» **Exercise**:
From the first line to the last, write out the data below exactly.

*-*-*

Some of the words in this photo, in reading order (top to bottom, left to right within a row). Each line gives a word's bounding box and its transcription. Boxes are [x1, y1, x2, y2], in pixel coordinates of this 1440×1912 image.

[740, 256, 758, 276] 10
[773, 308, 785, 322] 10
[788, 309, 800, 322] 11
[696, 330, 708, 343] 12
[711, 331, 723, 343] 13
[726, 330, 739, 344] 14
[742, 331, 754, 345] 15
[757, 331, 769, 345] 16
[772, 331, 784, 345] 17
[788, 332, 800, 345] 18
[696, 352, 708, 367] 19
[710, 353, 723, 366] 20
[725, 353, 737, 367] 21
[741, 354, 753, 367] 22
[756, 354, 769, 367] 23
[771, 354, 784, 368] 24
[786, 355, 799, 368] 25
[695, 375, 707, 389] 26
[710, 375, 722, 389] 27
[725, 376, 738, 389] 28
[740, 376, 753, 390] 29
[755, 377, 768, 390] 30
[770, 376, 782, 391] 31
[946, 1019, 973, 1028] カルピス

*-*-*

» **Expected answer**:
Some of the words in this photo, in reading order (top to bottom, left to right within a row). Each line gives a word's bounding box and its transcription. Boxes are [x1, y1, x2, y2], in pixel coordinates of this 1440×1912 image.

[740, 256, 758, 276] 10
[773, 308, 785, 322] 10
[788, 309, 800, 322] 11
[696, 330, 708, 343] 12
[711, 331, 723, 343] 13
[726, 330, 739, 344] 14
[742, 331, 754, 345] 15
[757, 331, 769, 345] 16
[772, 331, 784, 345] 17
[788, 332, 800, 345] 18
[696, 352, 708, 367] 19
[710, 353, 723, 366] 20
[725, 353, 737, 367] 21
[741, 354, 753, 367] 22
[756, 354, 769, 367] 23
[771, 354, 784, 368] 24
[786, 355, 799, 368] 25
[695, 375, 707, 389] 26
[710, 375, 722, 389] 27
[725, 376, 738, 389] 28
[740, 376, 753, 390] 29
[755, 377, 768, 390] 30
[770, 376, 782, 391] 31
[946, 1019, 973, 1028] カルピス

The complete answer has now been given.